Disaster Recovery Planning (DRP) • Disaster recovery strategies • How do we recover a system given its priority? • Address the question by system components. • Data (e.g., designate off-site storage) • Processing (e.g., backup and store offsite current copies of the software) • Network and communication (e.g., backup and store offsite a copy the current network configuration) • Dependencies with other systems (e.g., identify how these processes will be interfaced post-disaster)
DRP: Recovery Locations • Recovery location: A site(s) where processes and systems will be recovered post-disaster. • Hot sites: Near-perfect replicas of the operations. • Cold sites: Just the infrastructure (computer operations room, platform for installing hardware, power and communication lines, cabling, etc.). • Warm sites: More than just a cold site, but not quite as ready as a hot site. For example, it may include commonly used computers and operating system. • Reciprocal agreements: Sharing of similar resources by those in the same or similar computing enviornments. • Colocations: Recovery is planned using availability of computing resources at the firm’s many locations.
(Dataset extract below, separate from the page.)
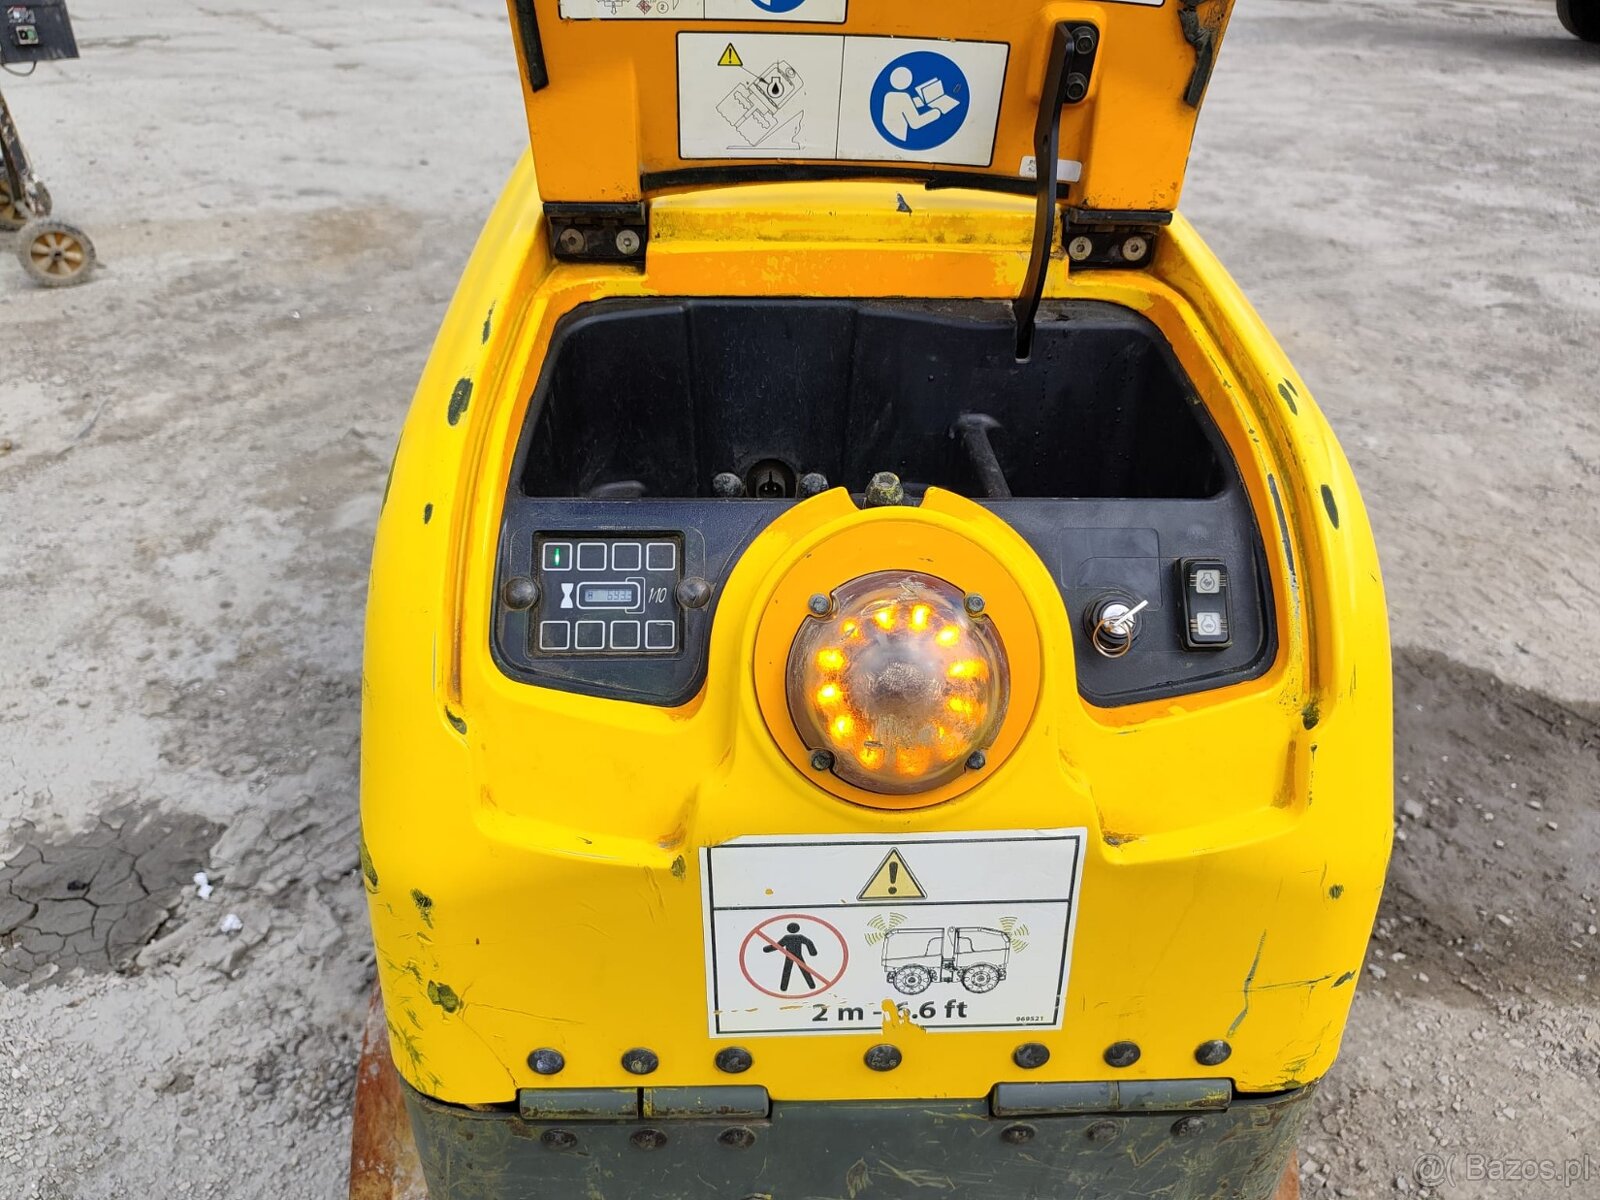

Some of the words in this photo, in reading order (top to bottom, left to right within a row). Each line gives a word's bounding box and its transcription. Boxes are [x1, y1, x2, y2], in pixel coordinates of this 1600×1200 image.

[811, 1003, 828, 1021] 2
[838, 1006, 864, 1021] m
[944, 999, 968, 1018] ft
DRP: Teams • Purpose of forming teams is to ensure that recovery tasks are accomplished in an orderly and responsible manner. • The number and nature of teams could vary across organizations. • However, each team should include knowledge and skills necessary to perform its assigned tasks. • Recovery teams can be organized by recovery phases. • Flexibility in assignments is necessary, for an actual disaster may need adjustments to the team. Non-availability of some team members when disaster strikes is also likely.
DRP: Disaster Readiness • Meaning of readiness: Having the assurance that if and when a disaster strikes, the firm has a high likelihood of recovering from the disaster. Testing of the plan is crucial to get this assurance. Disaster readiness practices include: • Walkthroughs: Having a plan preparer walk though others to show how the plan leads from point A to point B. • Rehearsals: An “as-if” exercise to simulate a disaster’s impact and have people responsible recreate recovery of “lost” processes and systems. • Compliance (Live) testing: Actual test of recovery with a simulated disaster.
Business Continuity Planning (BCP) • BCP: The totality of plans made to recover the business operations following a disaster. • Recovery of all operations is involved, not just information assets. • Methods and strategies adopted for BCP are comparable to, and often overlap with, those used in DRP.
Business Continuity Planning (BCP) • Business impact analysis is an exercise in risk assessment. • Identify vulnerabilities of the firm. • Assess the business impact • Focus on a particular disaster and determine processes that might be affected, and/or • Analyze all business processes to assess probable business impact in the event that a disaster strikes. • Initiate a planning process to develop methods and strategies to mitigate risk. • Business recovery • Approaches and methods for business recovery are similar to those discussed in disaster recovery planning.
Assurance Considerations • Any assurance that BCP/DRP will be effective requires an examination of such plans from three angles: • Method: Review the method followed in the development of the plan. A sound planning process make possible a plan that is complete and reliable. • Content: Should have been collected from “right” participants, and the instruments and methods used to collect data must be valid. The plan should be current. • Testing: Critical components of the plan should be tested, results should be documented, and corrective action, where necessary, should follow.